Mikiria: Part II, Chapter 3 * Mikiria: Contents * Mikiria: Part II, Chapter 5



The next morning Senaria joined Kiri and me for a drive (this time in the larger vehicle) into the nearby town of Nedro to pick up a few groceries and other provisions. Like the preceding day, the weather was bright and clear, and so it was all the more impressive when we crested a small rise and saw before us was what looked for all the world like something out of a child's building block set. It was a moderately-sized town consisting of relatively small (one- and two-story) buildings, but liberally interspersed with tall, narrow and very brightly-colored towers, extending as much as ten or twelve stories into the air. Some had tops decorated with pointed onion-like domes reminiscent of pictures I'd seen of the Kremlin. The overall effect was very colorful and very cheerful.
      Where an Earth town would have had streets I saw instead grassy walkways; as we grew closer the effect reminded me more of a park than a city. Just before we reached the first outer buildings our barcoded road ended, joining a circular roadway extending the circumference of the town. As we approached it Kiri punched something into the keypad and our vehicle slowly left the roadway and headed for one of the colorful structures.
      "Parking towers," Senaria explained as we approached one, and I saw that each one had a series of platforms jutting out from all four sides, just wide enough for a vehicle and walkway on either side. We pulled into one about six stories above the ground and stopped.
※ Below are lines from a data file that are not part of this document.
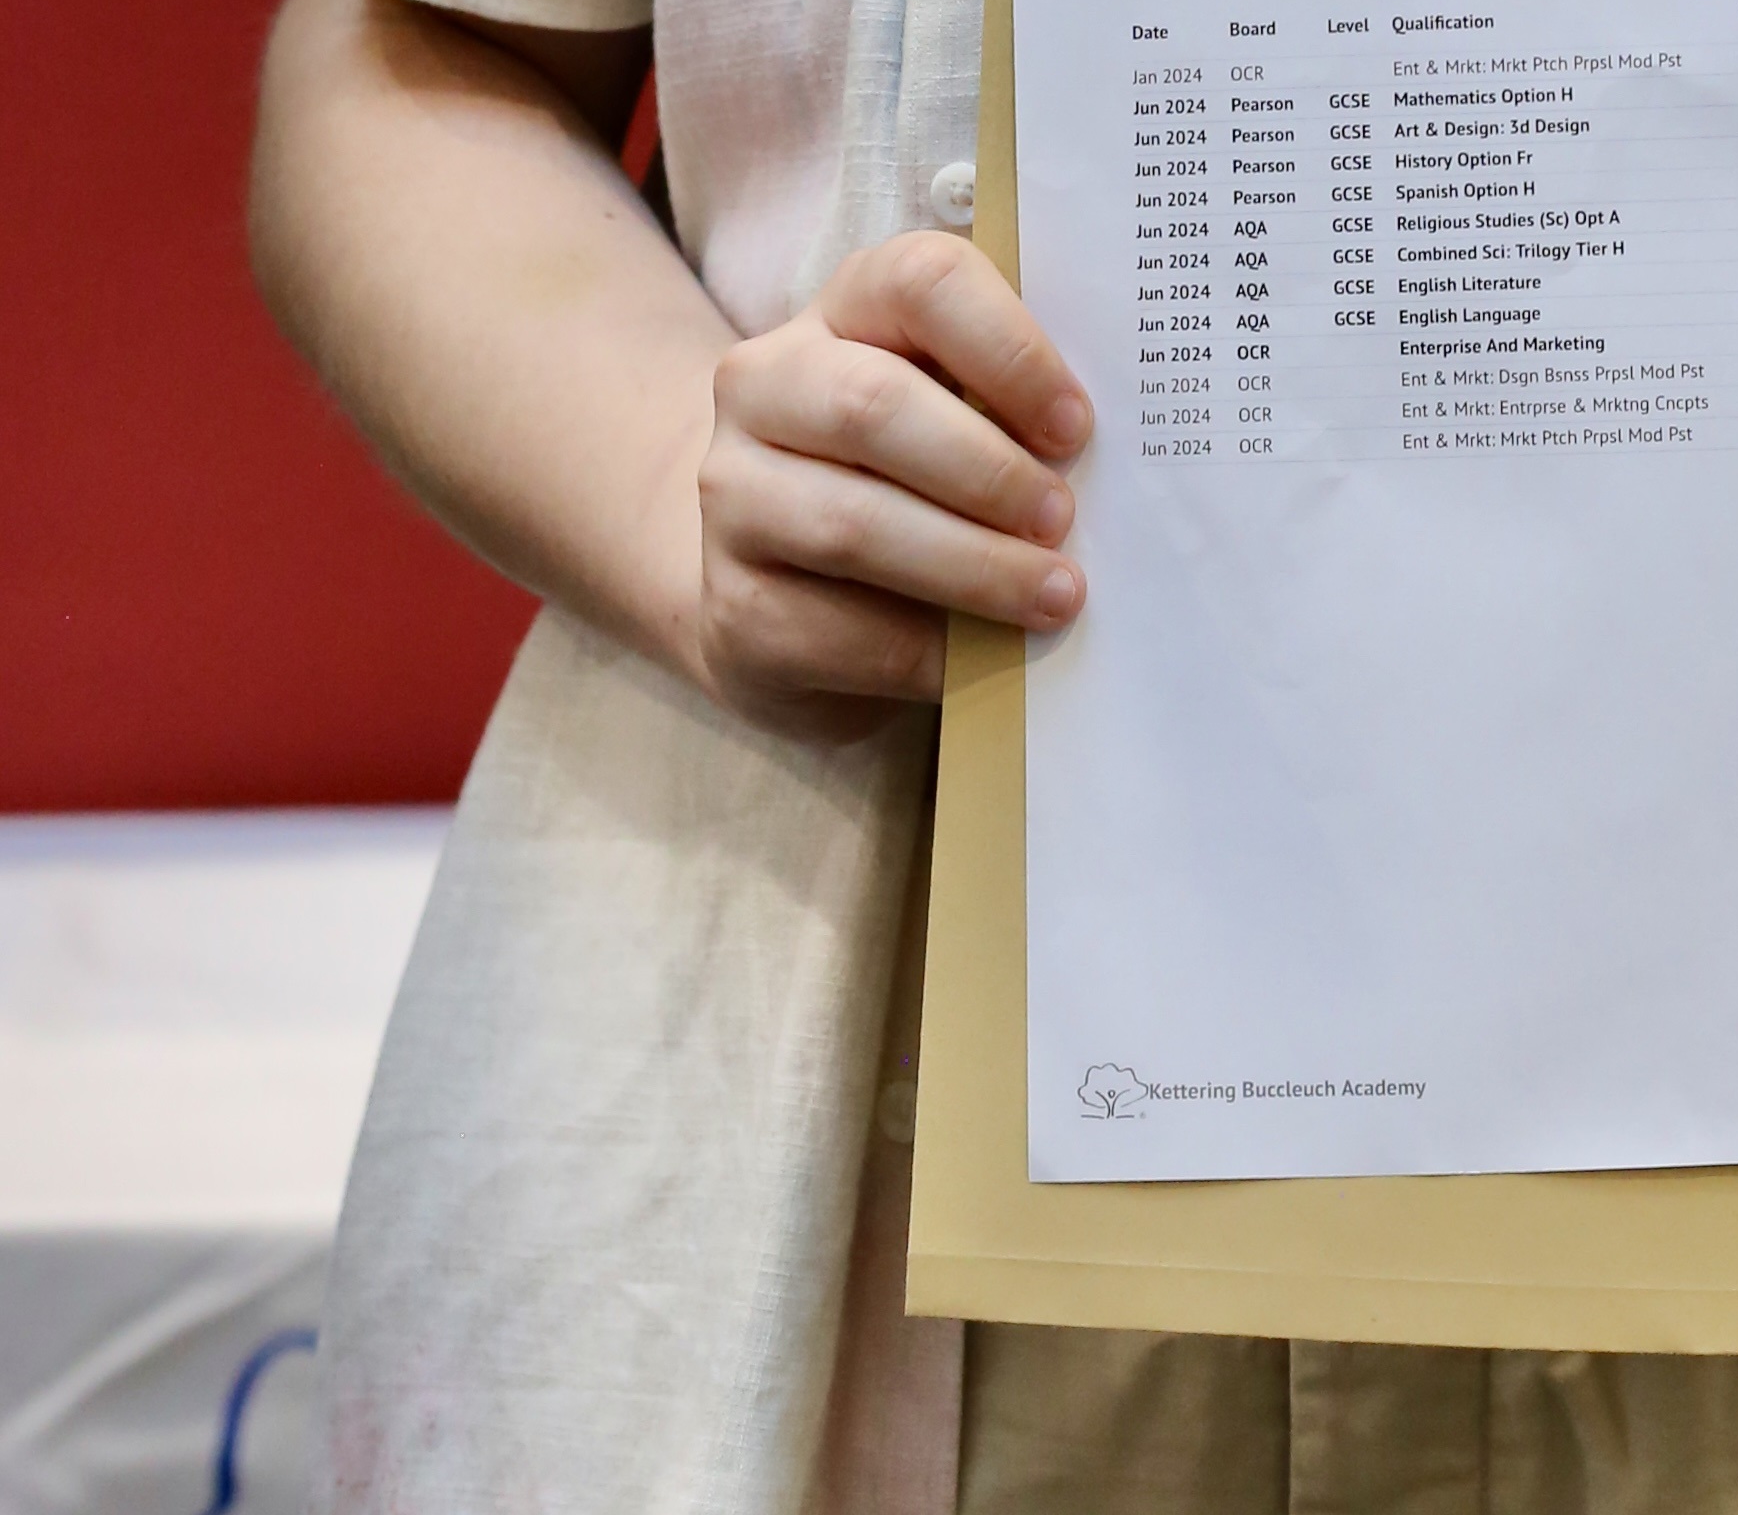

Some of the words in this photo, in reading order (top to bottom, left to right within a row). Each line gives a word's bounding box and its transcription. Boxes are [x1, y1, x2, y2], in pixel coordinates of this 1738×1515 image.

[1132, 25, 1168, 40] Date
[1230, 21, 1276, 37] Board
[1328, 17, 1369, 34] Level
[1392, 14, 1494, 35] Qualification
[1133, 101, 1159, 115] Jun
[1165, 98, 1206, 115] 2024
[1231, 98, 1294, 112] Pearson
[1329, 93, 1370, 109] GCSE
[1394, 89, 1496, 107] Mathematics
[1502, 88, 1556, 107] Option
[1561, 87, 1573, 102] H
[1134, 131, 1160, 146] Jun
[1166, 129, 1207, 145] 2024
[1232, 128, 1294, 143] Pearson
[1330, 124, 1371, 140] GCSE
[1394, 123, 1419, 138] Art
[1426, 122, 1438, 137] &
[1445, 120, 1504, 139] Design:
[1510, 119, 1529, 134] 3d
[1535, 118, 1590, 136] Design
[1135, 162, 1161, 177] Jun
[1167, 160, 1208, 176] 2024
[1233, 159, 1295, 174] Pearson
[1331, 155, 1372, 171] GCSE
[1396, 154, 1453, 171] History
[1458, 151, 1512, 170] Option
[1517, 150, 1533, 165] Fr
[1135, 193, 1162, 208] Jun
[1168, 191, 1208, 207] 2024
[1234, 190, 1296, 205] Pearson
[1331, 186, 1373, 202] GCSE
[1396, 183, 1458, 203] Spanish
[1464, 182, 1518, 201] Option
[1524, 180, 1535, 196] H
[1136, 224, 1162, 239] Jun
[1168, 222, 1209, 238] 2024
[1234, 220, 1267, 239] AQA
[1332, 217, 1373, 233] GCSE
[1397, 215, 1470, 234] Religious
[1475, 212, 1534, 228] Studies
[1540, 211, 1569, 230] (Sc)
[1575, 210, 1604, 229] Opt
[1609, 209, 1620, 224] A
[1137, 255, 1163, 270] Jun
[1169, 253, 1210, 269] 2024
[1234, 252, 1268, 271] AQA
[1333, 248, 1374, 264] GCSE
[1398, 245, 1477, 262] Combined
[1483, 244, 1511, 259] Sci:
[1515, 243, 1571, 261] Trilogy
[1575, 241, 1608, 257] Tier
[1613, 240, 1624, 255] H
[1137, 286, 1164, 301] Jun
[1170, 284, 1211, 300] 2024
[1235, 282, 1269, 301] AQA
[1334, 279, 1375, 295] GCSE
[1399, 277, 1456, 296] English
[1462, 276, 1541, 291] Literature
[1138, 317, 1164, 332] Jun
[1170, 315, 1212, 331] 2024
[1236, 314, 1270, 333] AQA
[1334, 310, 1376, 326] GCSE
[1399, 308, 1457, 328] English
[1463, 307, 1540, 326] Language
[1139, 348, 1165, 363] Jun
[1171, 346, 1212, 362] 2024
[1237, 345, 1270, 360] OCR
[1400, 339, 1481, 358] Enterprise
[1486, 337, 1518, 353] And
[1524, 335, 1604, 354] Marketing
[1238, 376, 1271, 391] OCR
[1401, 372, 1427, 387] Ent
[1434, 371, 1446, 386] &
[1454, 370, 1494, 385] Mrkt:
[1499, 369, 1539, 387] Dsgn
[1545, 367, 1589, 383] Bsnss
[1596, 365, 1635, 385] Prpsl
[1641, 364, 1674, 379] Mod
[1681, 363, 1704, 378] Pst
[1150, 1082, 1235, 1103] Kettering
[1243, 1080, 1335, 1098] Buccleuch
[1342, 1079, 1426, 1099] Academy
I thought of the cavernous concrete parking garages back home and shuddered at the comparison.
      I noticed that most of the vehicles already parked on the other platforms had a logo on each side which Kiri's lacked. "They're public vehicles," she explained. "You call for one and sign it out and it travels to your home or office or whatever. Once you reach your destination you enter a command and after allowing you time to exit it returns back to its base." The direct cost to the user? Nothing.
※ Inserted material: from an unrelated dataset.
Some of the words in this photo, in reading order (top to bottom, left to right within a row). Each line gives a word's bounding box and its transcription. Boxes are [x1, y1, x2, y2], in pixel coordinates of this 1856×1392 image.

      She explained that the savings in parking, congestion, etc. more than made up for the expense of providing and maintaining the vehicles, ultimately creating a net profit for the government, and hence for the citizenry. "You do pay for it if you want it for more than twenty-five* hours, though," she added. "A lot of people who commute sign one out from work, keep it home overnight, and release it after they return to work the next morning."
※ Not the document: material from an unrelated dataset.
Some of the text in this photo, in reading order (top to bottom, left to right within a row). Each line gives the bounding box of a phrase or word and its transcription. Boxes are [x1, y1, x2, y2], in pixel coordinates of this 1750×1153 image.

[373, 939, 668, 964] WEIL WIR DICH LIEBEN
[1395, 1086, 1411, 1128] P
      "Try sell that to American taxpayers," I commented sadly. "Even if it saved the government, hence the taxpayer, money, you'd never be able to convince the public that it wasn't a--what's the word?--'boondoggle.' " Kiri responded with a snort, muttering something about people not being taught to think until it was far too late.
      Following her lead, I stepped out of the vehicle and through a doorway in the tower, where an elevator waited. Soon we were on our way to ground level.
      There I found myself in an outdoor mall. There were only a few vehicles traversing the grassy walkways (always floating several inches above the ground), and those appeared to be public transportation of some kind, resembling nothing quite so much as open-sided trolley cars. Kiri confirmed this as one approached, instructing me to hop onto the side platform as it passed. We rode it for several blocks, then dropped off and caught another on an intersecting street. A few minutes later we hopped off again in front of a large store with the rough equivalent of "Nedro Market" lettered above the entrance.
      "The bigger cities do have some vehicle traffic," Kiri explained, "but even there most people use public transportation. There are no prohibitions against owning your own private vehicle, but the majority of people just don't need one."
      "So how did you happen to end up owning two?" I asked curiously, wondering just how privileged this seemingly unpretentious little family was.
      "This was Dad's flier," Senaria explained. "It was provided for him as part of his ambassadorial rank. When he died they left it with my mother."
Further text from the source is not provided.